→ Exercise prompt: Repeat the records exactly, minus the pictures.

[Spatial localization data]
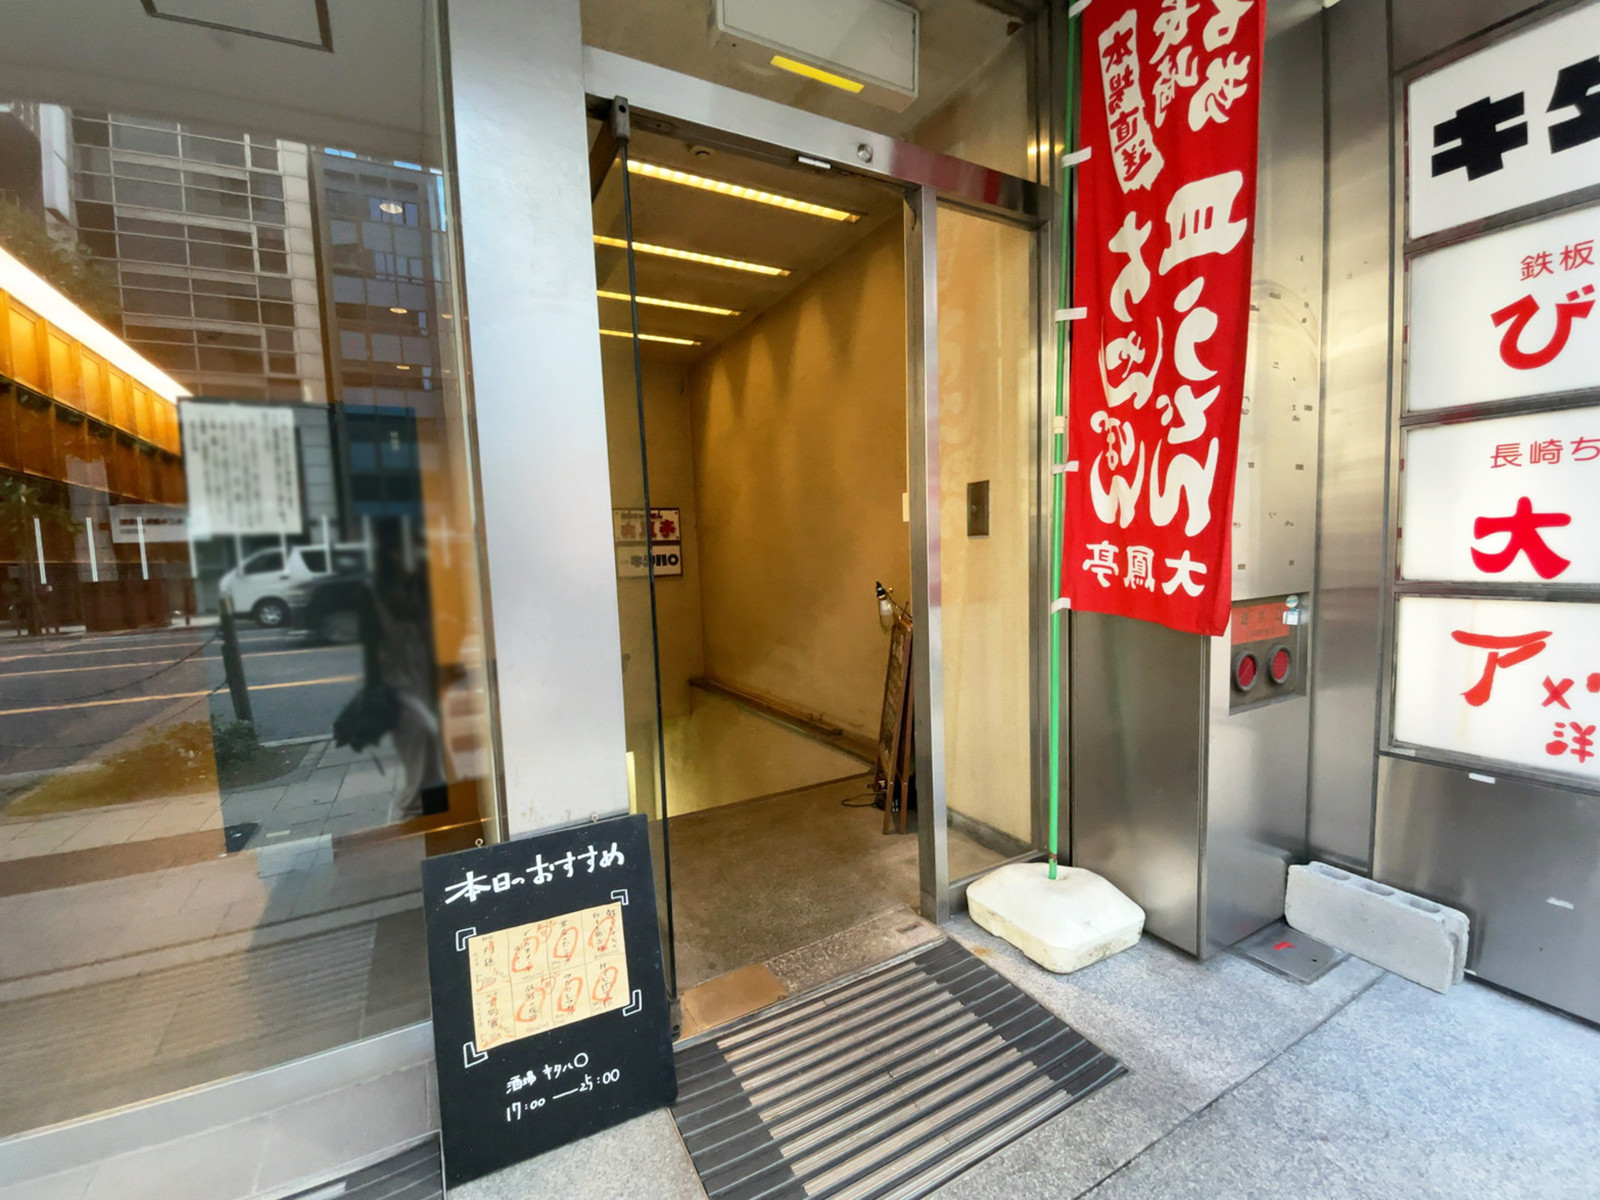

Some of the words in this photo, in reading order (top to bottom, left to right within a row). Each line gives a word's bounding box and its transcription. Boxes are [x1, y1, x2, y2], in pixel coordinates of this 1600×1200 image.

[1520, 240, 1595, 281] 鉄板
[1490, 283, 1596, 370] び
[1490, 436, 1600, 469] 長崎ち
[1470, 496, 1572, 580] 大
[1545, 722, 1596, 763] 洋
[444, 842, 625, 905] 本日のおすすめ
[506, 1069, 537, 1095] 酒場
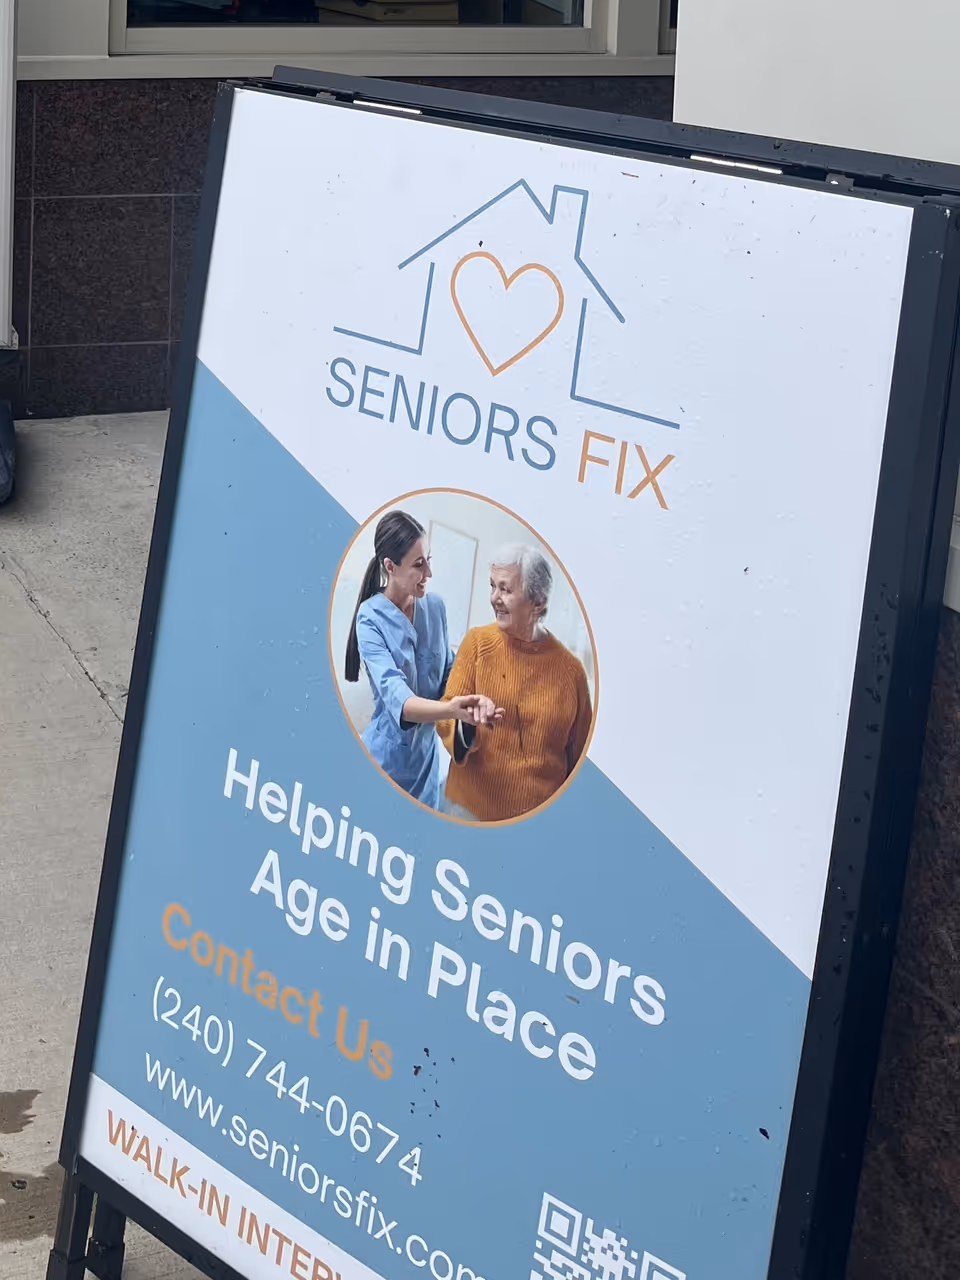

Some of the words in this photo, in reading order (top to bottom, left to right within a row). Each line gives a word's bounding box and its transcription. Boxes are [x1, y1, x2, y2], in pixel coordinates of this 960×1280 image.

[325, 356, 558, 471] SENIORS
[577, 428, 676, 510] FIX
[223, 747, 416, 905] Helping
[431, 858, 667, 1026] Seniors
[249, 849, 350, 942] Age
[364, 906, 411, 982] in
[427, 940, 597, 1081] Place
[152, 975, 234, 1068] (240)
[244, 1037, 423, 1187] 744-0674
[161, 902, 324, 1039] Contact
[335, 1005, 393, 1080] Us
[106, 1108, 232, 1228] WALK-IN
[237, 1205, 342, 1280] INTER

→ Answer to this task:
Some of the words in this photo, in reading order (top to bottom, left to right within a row). Each line gives a word's bounding box and its transcription. Boxes are [x1, y1, x2, y2], in pixel coordinates of this 1600×1200 image.

[1520, 240, 1595, 281] 鉄板
[1490, 283, 1596, 370] び
[1490, 436, 1600, 469] 長崎ち
[1470, 496, 1572, 580] 大
[1545, 722, 1596, 763] 洋
[444, 842, 625, 905] 本日のおすすめ
[506, 1069, 537, 1095] 酒場

Some of the words in this photo, in reading order (top to bottom, left to right within a row). Each line gives a word's bounding box and its transcription. Boxes are [x1, y1, x2, y2], in pixel coordinates of this 960×1280 image.

[325, 356, 558, 471] SENIORS
[577, 428, 676, 510] FIX
[223, 747, 416, 905] Helping
[431, 858, 667, 1026] Seniors
[249, 849, 350, 942] Age
[364, 906, 411, 982] in
[427, 940, 597, 1081] Place
[152, 975, 234, 1068] (240)
[244, 1037, 423, 1187] 744-0674
[161, 902, 324, 1039] Contact
[335, 1005, 393, 1080] Us
[106, 1108, 232, 1228] WALK-IN
[237, 1205, 342, 1280] INTER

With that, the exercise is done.